Character for character, transcribe the entries below, minus the images.

━━━━━ Records shown ━━━━━

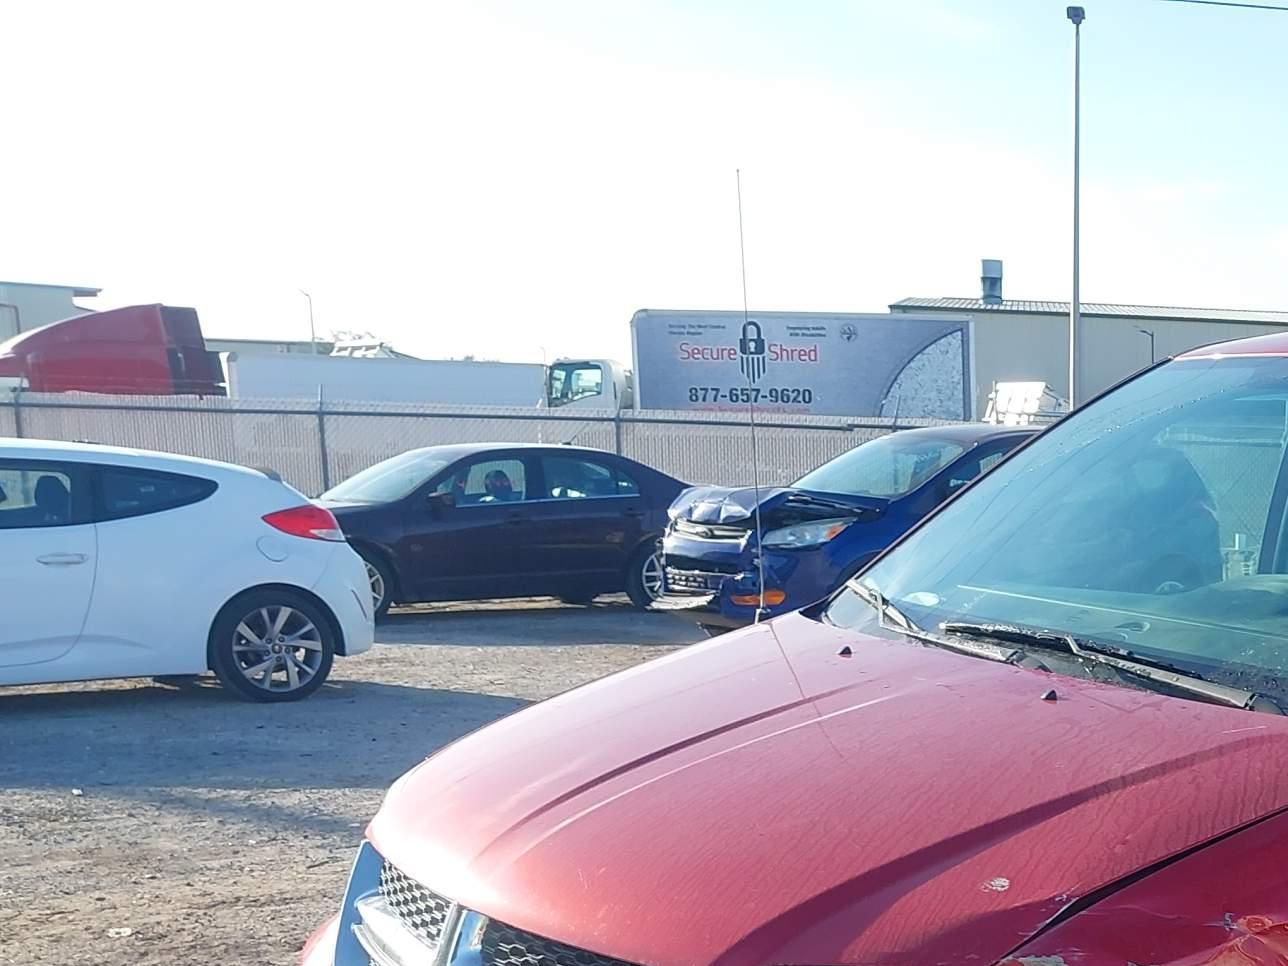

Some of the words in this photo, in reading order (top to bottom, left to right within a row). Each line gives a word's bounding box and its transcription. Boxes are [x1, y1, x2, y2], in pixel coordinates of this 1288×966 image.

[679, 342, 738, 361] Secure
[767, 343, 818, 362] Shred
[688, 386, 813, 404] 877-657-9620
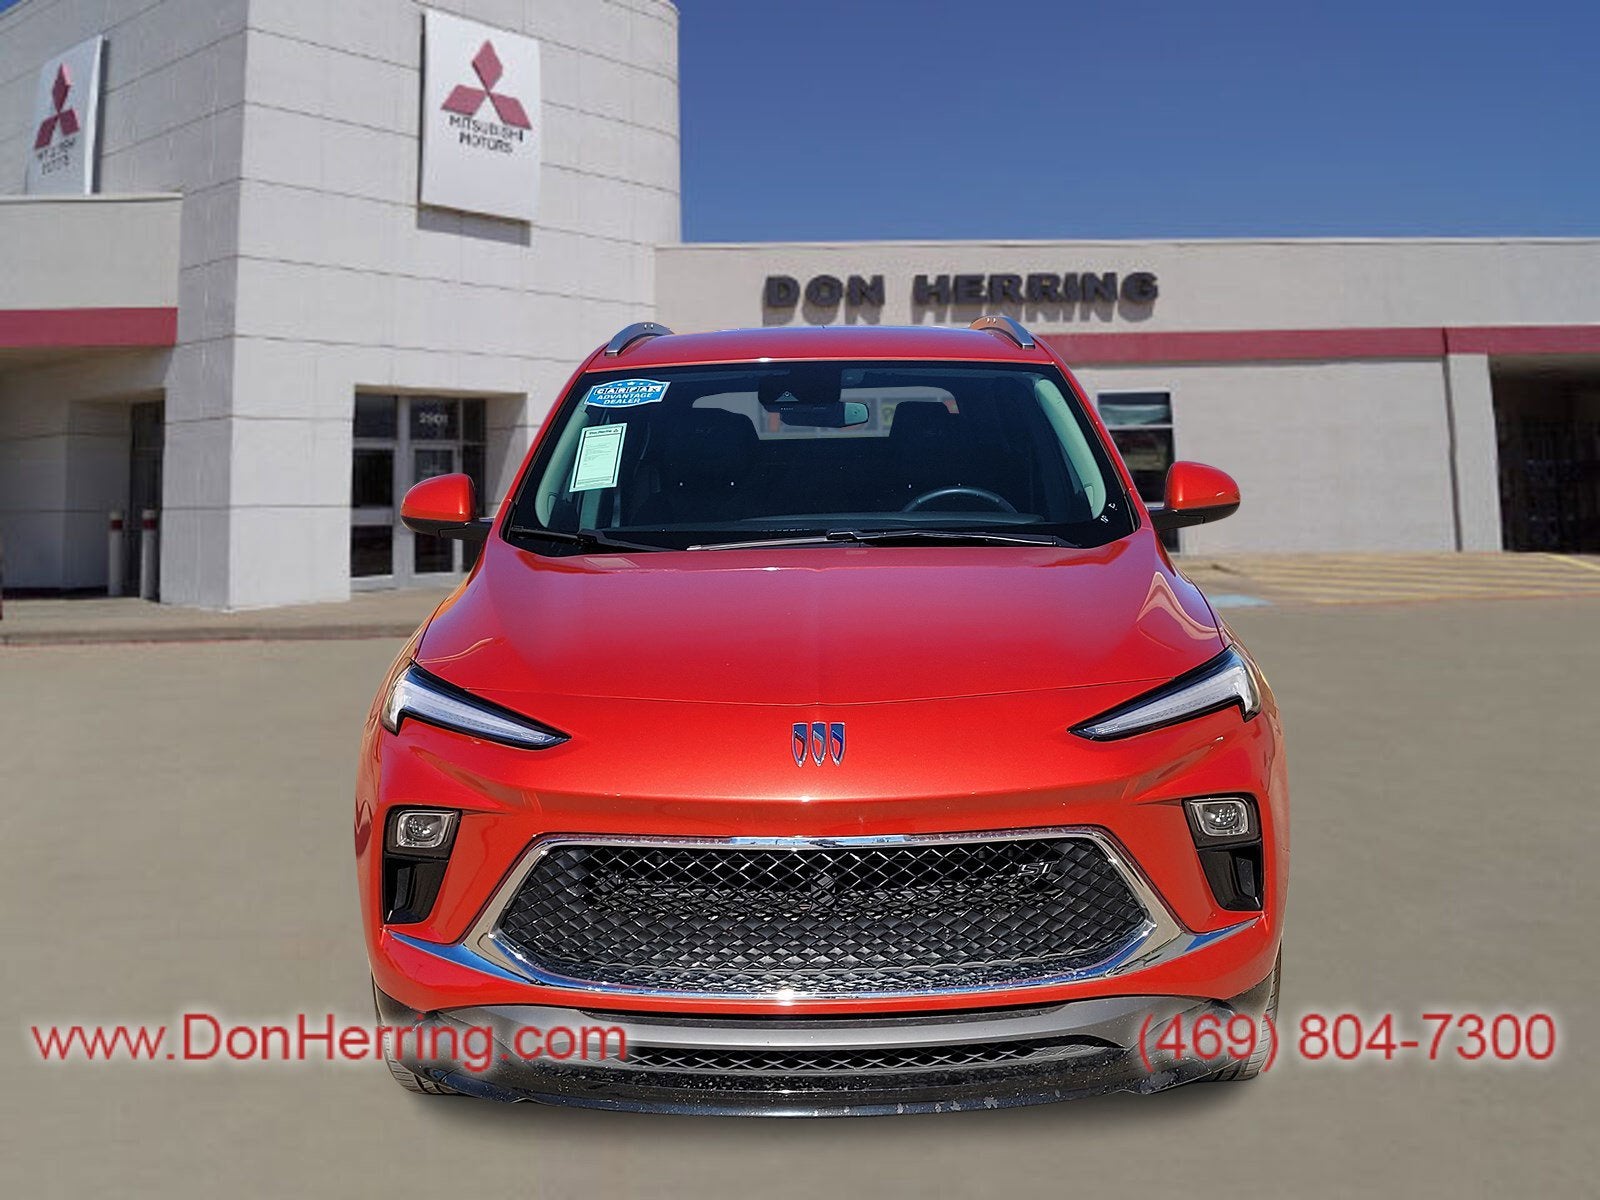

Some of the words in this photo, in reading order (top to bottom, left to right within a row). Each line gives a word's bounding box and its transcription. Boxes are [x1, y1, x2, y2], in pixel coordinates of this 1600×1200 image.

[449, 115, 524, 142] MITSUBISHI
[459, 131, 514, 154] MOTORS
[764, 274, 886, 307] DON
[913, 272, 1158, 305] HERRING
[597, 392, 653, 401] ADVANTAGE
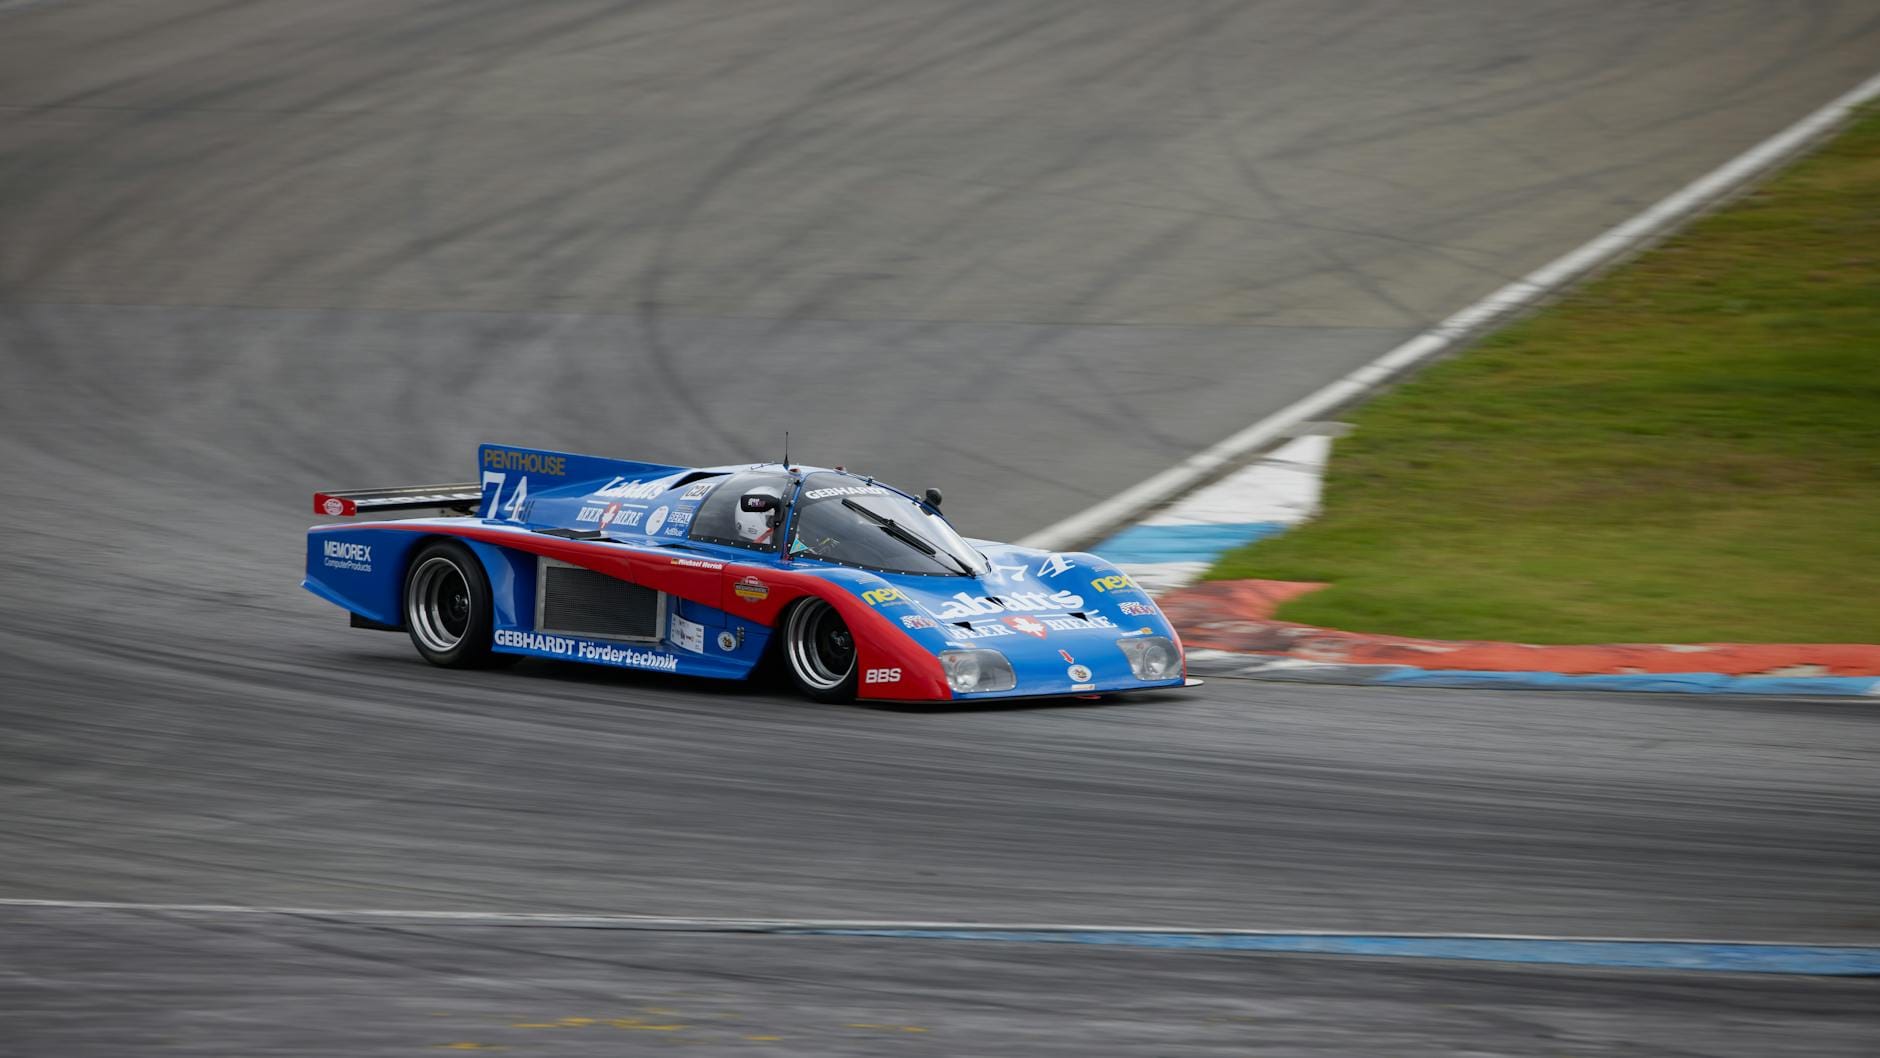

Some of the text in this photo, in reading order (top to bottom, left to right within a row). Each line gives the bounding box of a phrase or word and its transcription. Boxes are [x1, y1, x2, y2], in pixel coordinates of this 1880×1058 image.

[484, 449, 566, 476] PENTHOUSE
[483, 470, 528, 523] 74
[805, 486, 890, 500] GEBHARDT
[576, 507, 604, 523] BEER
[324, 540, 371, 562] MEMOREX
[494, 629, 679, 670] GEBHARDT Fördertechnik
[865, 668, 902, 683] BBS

━━━━━

> **Result of this exercise**:
Some of the words in this photo, in reading order (top to bottom, left to right within a row). Each line gives a word's bounding box and its transcription. Boxes are [x1, y1, x2, y2], in pixel coordinates of this 1288×966 image.

[679, 342, 738, 361] Secure
[767, 343, 818, 362] Shred
[688, 386, 813, 404] 877-657-9620

Some of the words in this photo, in reading order (top to bottom, left to right within a row). Each line gives a word's bounding box and its transcription. Boxes are [x1, y1, x2, y2], in pixel coordinates of this 1600×1200 image.

[449, 115, 524, 142] MITSUBISHI
[459, 131, 514, 154] MOTORS
[764, 274, 886, 307] DON
[913, 272, 1158, 305] HERRING
[597, 392, 653, 401] ADVANTAGE

Some of the text in this photo, in reading order (top to bottom, left to right within a row). Each line gives the bounding box of a phrase or word and its transcription. Boxes are [x1, y1, x2, y2], in pixel coordinates of this 1880×1058 image.

[484, 449, 566, 476] PENTHOUSE
[483, 470, 528, 523] 74
[805, 486, 890, 500] GEBHARDT
[576, 507, 604, 523] BEER
[324, 540, 371, 562] MEMOREX
[494, 629, 679, 670] GEBHARDT Fördertechnik
[865, 668, 902, 683] BBS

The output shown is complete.